The suggestions provided below will help further improve the manuscript.

The artificial contamination method, although practical, raises questions about the performance of the model with naturally contaminated samples. The high contamination levels used, and the justification of that choice need to be more robustly argued.

The sample size reduction (from 5,400 to 3,596) and the uneven distribution of contamination levels needs better justification.

The explanation of why only 8 almonds were used for the HPLC testing, when there were thousands of hyperspectral images, is lacking.

Even though the deep learning architectures are described, the implementation details (e.g., hyperparameters, training parameters, software used) are insufficient.

The feature selection algorithm (CAES-HBS) needs a more detailed explanation.

The figures should be of high resolution, and have clear labels.

The comparison with traditional machine learning methods (SVM, RF, etc.) is mentioned but requires more in-depth analysis and quantitative results.

The novelty of the ‘Lightweight’ 3D Inception-Resnet model needs to be more clearly articulated.

The discussion of the results should be more critical, addressing the limitations of the model and comparing it with existing literature.

There is a lack of discussion on the practical inferences and scalability of the proposed method for real-world industrial applications.

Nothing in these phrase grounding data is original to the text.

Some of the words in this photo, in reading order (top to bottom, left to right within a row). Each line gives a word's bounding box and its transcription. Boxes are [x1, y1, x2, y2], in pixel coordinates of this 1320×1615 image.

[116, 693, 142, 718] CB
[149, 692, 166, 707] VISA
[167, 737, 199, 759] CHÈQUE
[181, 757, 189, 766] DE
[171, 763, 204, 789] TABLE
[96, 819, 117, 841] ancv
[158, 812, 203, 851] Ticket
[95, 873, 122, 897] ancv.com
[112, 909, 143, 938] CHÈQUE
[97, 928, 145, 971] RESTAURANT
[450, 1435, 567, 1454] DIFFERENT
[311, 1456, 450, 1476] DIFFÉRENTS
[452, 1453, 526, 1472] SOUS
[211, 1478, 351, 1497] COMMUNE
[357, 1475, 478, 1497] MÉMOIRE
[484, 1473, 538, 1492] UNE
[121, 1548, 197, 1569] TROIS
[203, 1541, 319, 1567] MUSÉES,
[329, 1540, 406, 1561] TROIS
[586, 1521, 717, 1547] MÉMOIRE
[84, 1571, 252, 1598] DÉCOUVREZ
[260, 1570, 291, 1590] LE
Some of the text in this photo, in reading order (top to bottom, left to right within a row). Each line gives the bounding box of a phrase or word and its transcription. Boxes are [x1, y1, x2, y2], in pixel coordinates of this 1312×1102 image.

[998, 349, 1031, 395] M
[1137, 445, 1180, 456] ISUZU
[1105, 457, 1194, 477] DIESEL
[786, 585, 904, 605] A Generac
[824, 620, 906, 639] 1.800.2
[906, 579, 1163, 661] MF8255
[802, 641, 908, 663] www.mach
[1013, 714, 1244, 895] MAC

The English language is generally understandable, but there are numerous instances of grammatical errors, problematic phrasing, and inconsistent terminology.

The research has potential, but the manuscript requires substantial revisions to improve its clarity, rigor, and presentation. Addressing the identified drawbacks and implementing the suggested improvements will significantly enhance its suitability for publication.

Comments on the Quality of English Language

The English language is generally understandable, but there are numerous instances of grammatical errors, problematic phrasing, and inconsistent terminology.

Author Response

The suggestions provided below will help further improve the manuscript.

Q1) The artificial contamination method, although practical, raises questions about the performance of the model with naturally contaminated samples. The high contamination levels used, and the justification of that choice need to be more robustly argued.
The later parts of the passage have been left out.